About this task — Below this task are records; return each one exactly and omit its images.

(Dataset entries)
%%

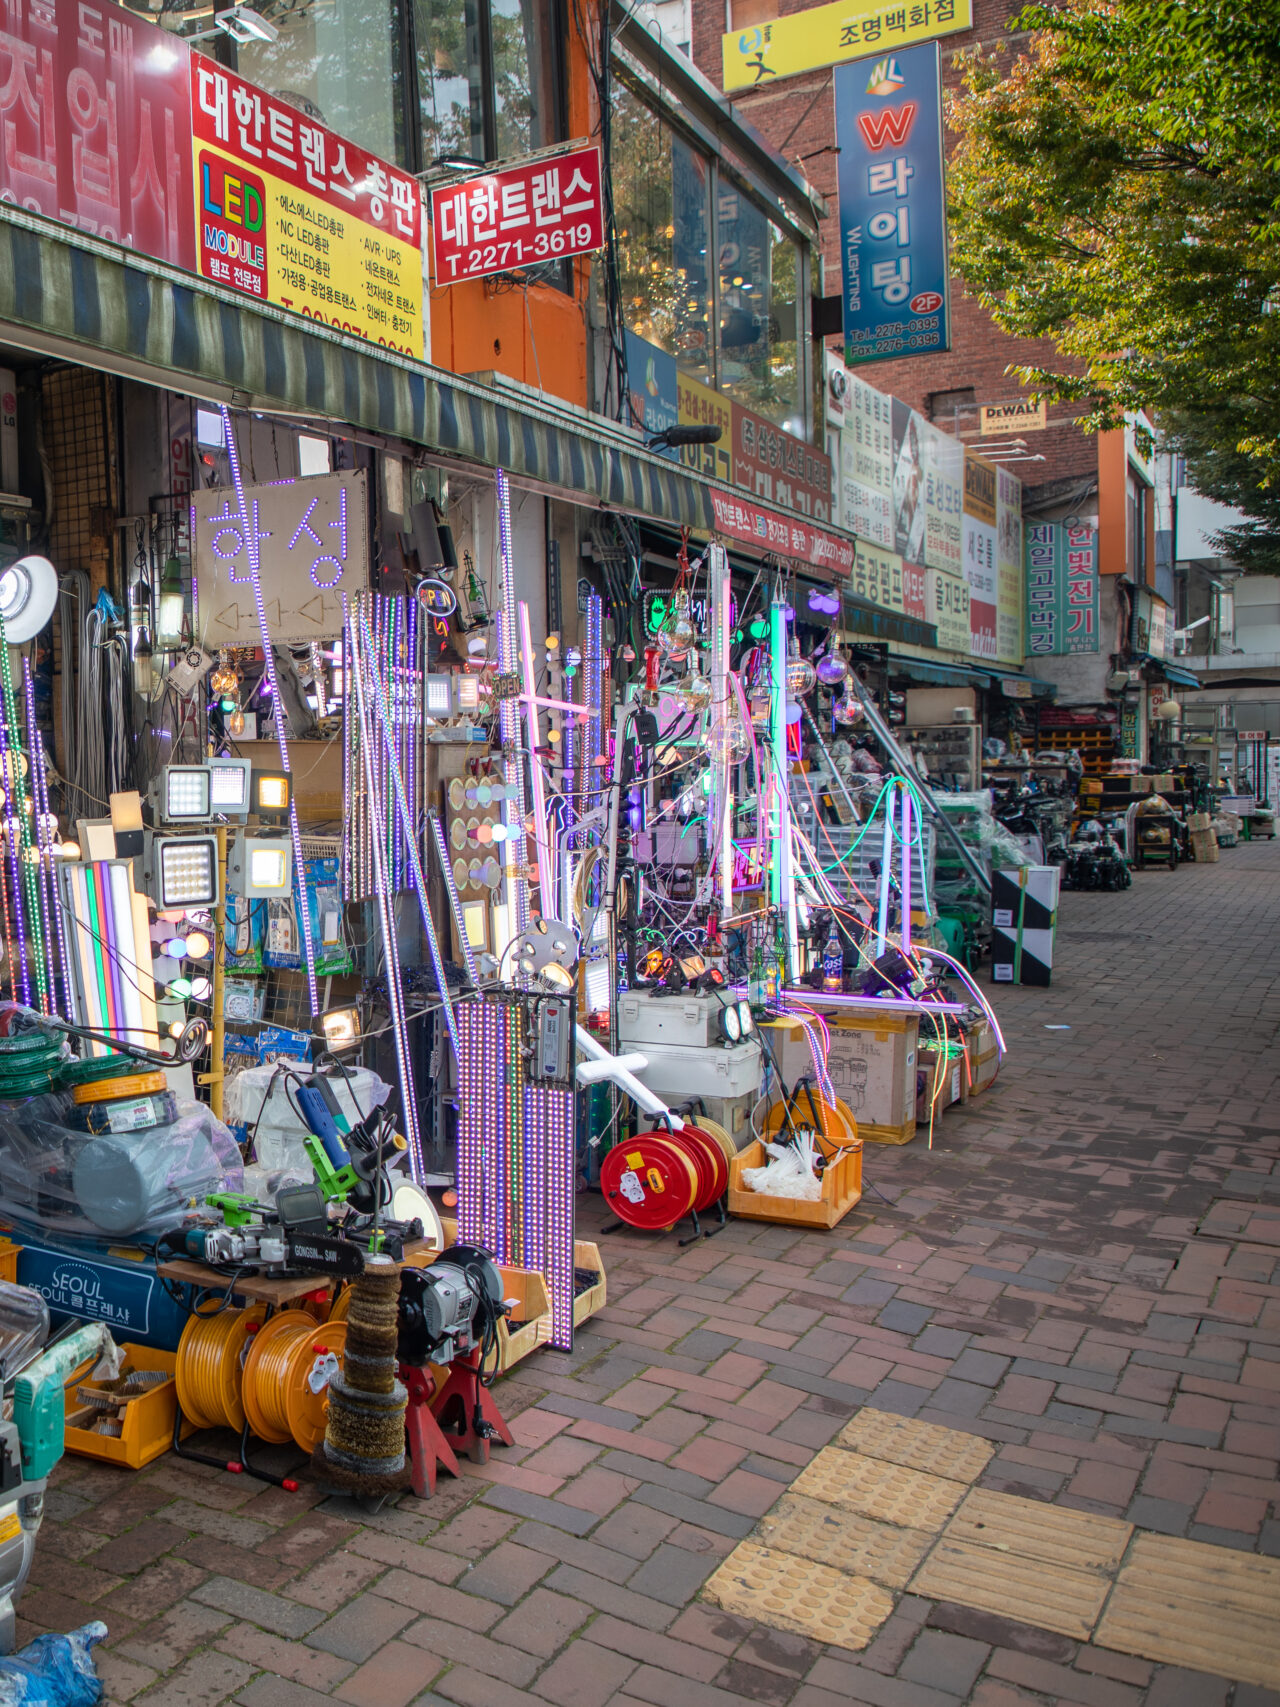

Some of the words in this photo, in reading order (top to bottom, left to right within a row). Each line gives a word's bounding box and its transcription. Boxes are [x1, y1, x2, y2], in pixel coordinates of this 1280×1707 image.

[839, 0, 955, 47] 조명백화점
[859, 104, 914, 147] W
[197, 66, 356, 202] 대한트랜스
[366, 160, 417, 238] 총판
[203, 162, 264, 233] LED
[440, 167, 595, 248] 대한트랜스
[205, 224, 265, 271] MODULE
[281, 220, 294, 237] NC
[297, 227, 329, 255] LED총판
[447, 222, 593, 275] T.2271-3619
[868, 157, 914, 305] 라이팅
[210, 257, 230, 280] 램프
[234, 266, 261, 294] 전문점
[280, 244, 330, 278] 다산LED총판
[365, 261, 401, 287] 네온트랜스
[847, 246, 861, 312] LIGHTING
[366, 282, 394, 306] 전자네온
[396, 293, 416, 315] 트랜스
[916, 296, 937, 312] 2F
[4, 416, 15, 427] LG
[986, 403, 1040, 418] DEWALT
[926, 472, 962, 517] 효성모터
[715, 499, 751, 531] 대한트랜스
[791, 528, 806, 551] 총판
[421, 589, 451, 607] OPEN
[855, 553, 902, 605] 동광펌프
[936, 576, 970, 619] 을지모터
[1029, 524, 1055, 652] 제일고무박킹
[841, 1029, 862, 1039] Zone
[294, 1245, 318, 1259] GONGSIN
[324, 1249, 338, 1263] SAW
[28, 1282, 69, 1305] SEOUL
[52, 1271, 104, 1300] SEOUL

%%

Solution —
Some of the words in this photo, in reading order (top to bottom, left to right within a row). Each line gives a word's bounding box and its transcription. Boxes are [x1, y1, x2, y2], in pixel coordinates of this 1280×1707 image.

[839, 0, 955, 47] 조명백화점
[859, 104, 914, 147] W
[197, 66, 356, 202] 대한트랜스
[366, 160, 417, 238] 총판
[203, 162, 264, 233] LED
[440, 167, 595, 248] 대한트랜스
[205, 224, 265, 271] MODULE
[281, 220, 294, 237] NC
[297, 227, 329, 255] LED총판
[447, 222, 593, 275] T.2271-3619
[868, 157, 914, 305] 라이팅
[210, 257, 230, 280] 램프
[234, 266, 261, 294] 전문점
[280, 244, 330, 278] 다산LED총판
[365, 261, 401, 287] 네온트랜스
[847, 246, 861, 312] LIGHTING
[366, 282, 394, 306] 전자네온
[396, 293, 416, 315] 트랜스
[916, 296, 937, 312] 2F
[4, 416, 15, 427] LG
[986, 403, 1040, 418] DEWALT
[926, 472, 962, 517] 효성모터
[715, 499, 751, 531] 대한트랜스
[791, 528, 806, 551] 총판
[421, 589, 451, 607] OPEN
[855, 553, 902, 605] 동광펌프
[936, 576, 970, 619] 을지모터
[1029, 524, 1055, 652] 제일고무박킹
[841, 1029, 862, 1039] Zone
[294, 1245, 318, 1259] GONGSIN
[324, 1249, 338, 1263] SAW
[28, 1282, 69, 1305] SEOUL
[52, 1271, 104, 1300] SEOUL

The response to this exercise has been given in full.